113 Global differences in SAB management 6 Introduction Staphylococcus aureus is the leading cause of mortality by bloodstream infections worldwide [1], and methicillin resistant S. aureus (MRSA) is the leading cause of mortality attributable to antimicrobial resistance [2]. Despite its global distribution and an incidence of approximately 30 per 100 000 person-years [3, 4], the optimal approach to S. aureus bacteremia (SAB) is poorly understood. Despite the fact that SAB has been a major theme in the medical literature for decades, basic treatment elements such as the optimal antibiotic regimen, the role of adjunct and oral antibiotics, the optimal treatment duration, and the definition of persistent SAB remain fundamentally unknown. Even less is known about global differences in treatment practices for SAB. The aim of this study was to identify global variation in management, diagnostics, and definitions of SAB. To do this, we used a variety of social media platforms to reach a large number of clinicians throughout the world for a survey on SAB treatment practices. Methods Survey development and distribution We conducted this study on geographic practice variation in SAB by modifying a recently developed survey that was deployed in five European countries [5]. The modified survey was tested among an independent expert panel and adjusted where appropriate.
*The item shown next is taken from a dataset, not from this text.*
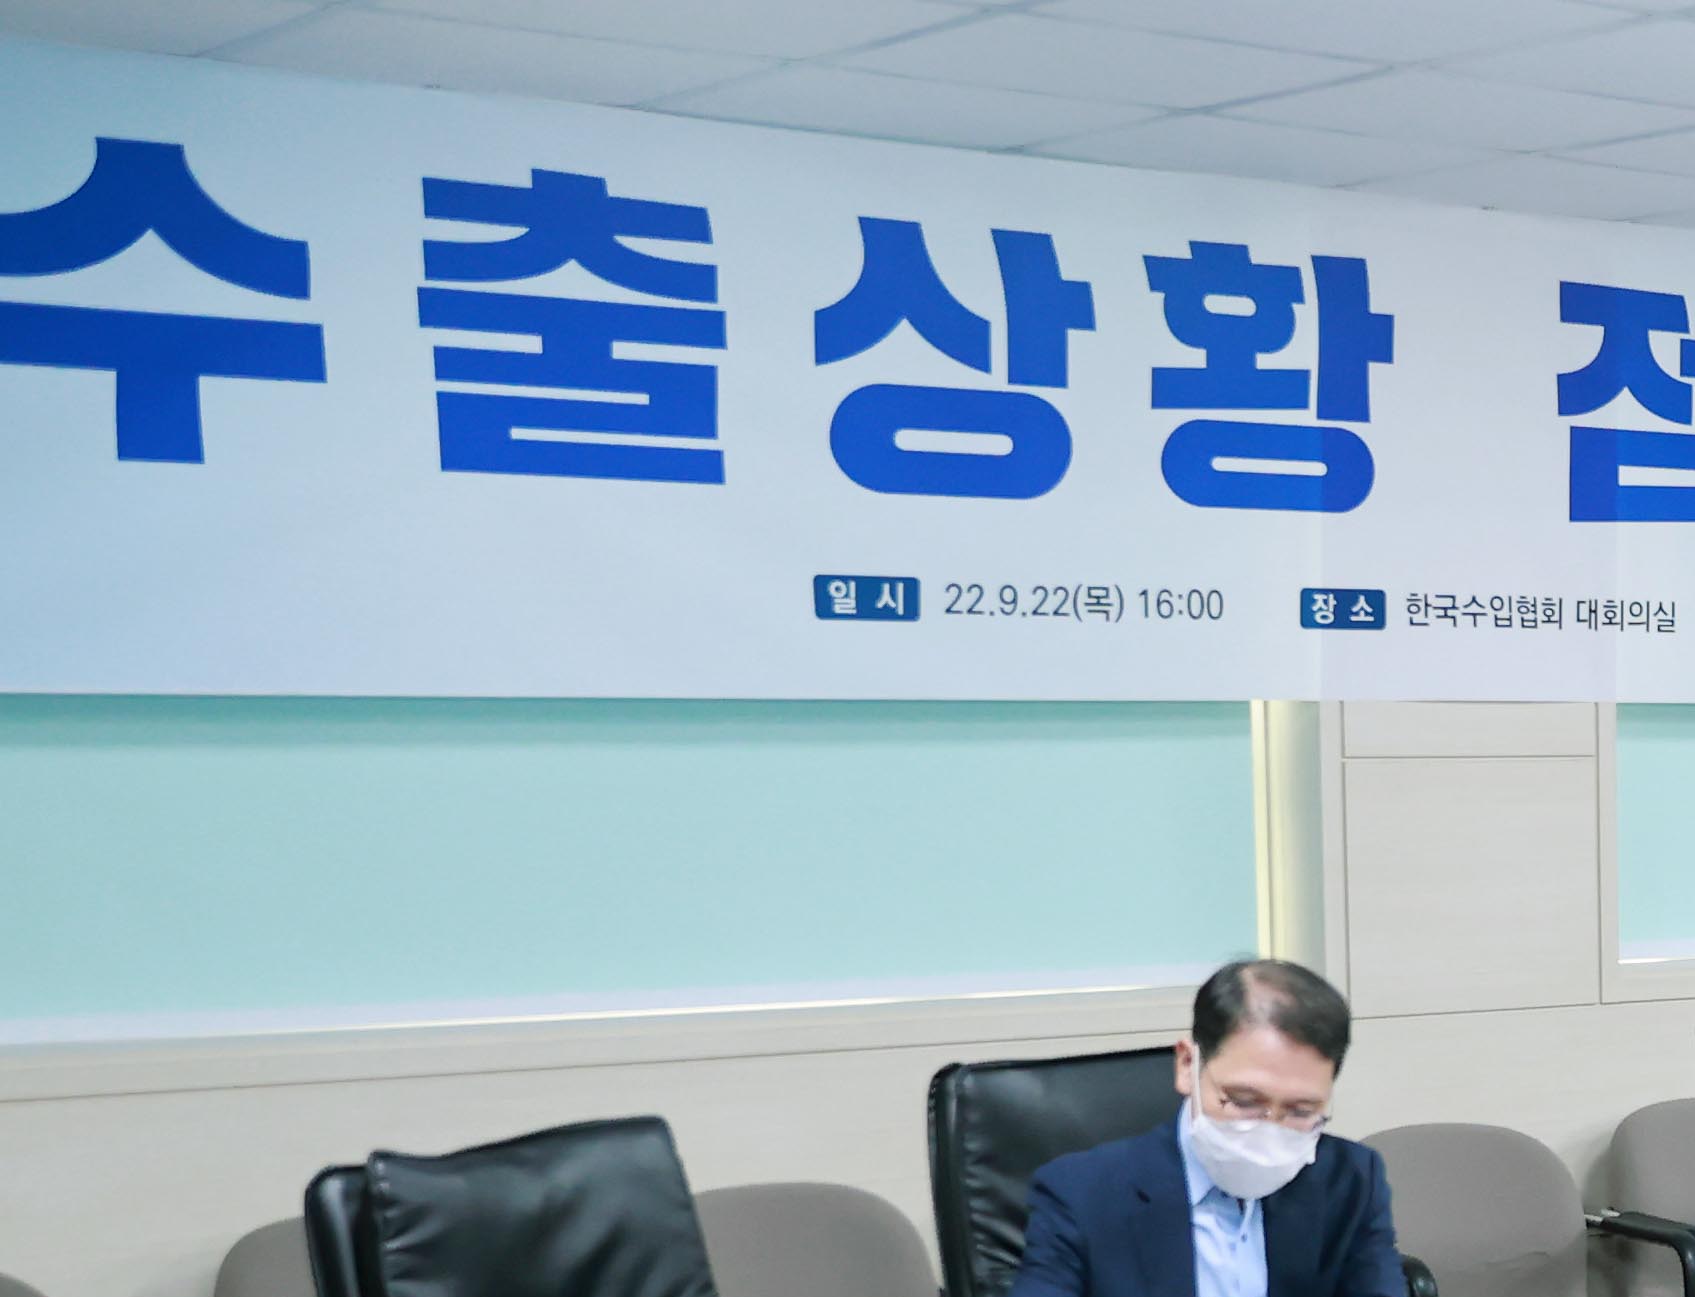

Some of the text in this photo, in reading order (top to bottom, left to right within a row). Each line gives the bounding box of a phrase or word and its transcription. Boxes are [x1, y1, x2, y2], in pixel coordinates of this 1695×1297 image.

The survey focused on unsettled aspects of the disease in clinical practice: first-choice antimicrobial agents, intravenous to oral switch of antimicrobial therapy, treatment duration, the use of 18F-fluoro-deoxyglucose positron emission tomography/computed tomography (PET/CT) (18F-FDG PET/CT) scan, and the definition of persistent SAB (Supplementary Appendix 1). When relevant, questions were provided separately for both methicillin-susceptible S. aureus (MSSA) and MRSA bacteremia. The survey was anonymous and voluntary. Country of practice was asked to determine geographic region and subsequently respondents were grouped by continent. The survey was developed in English. Target respondents included infectious diseases, clinical microbiology and internal medicine physicians (both adults and pediatrics) treating SAB patients throughout the world. The survey was distributed through a public URL link on listservs, e-mails, Twitter, and WeChat. Respondents were asked to share the survey link with their professional network. The link was accessible between 2 November and 22 November 2022.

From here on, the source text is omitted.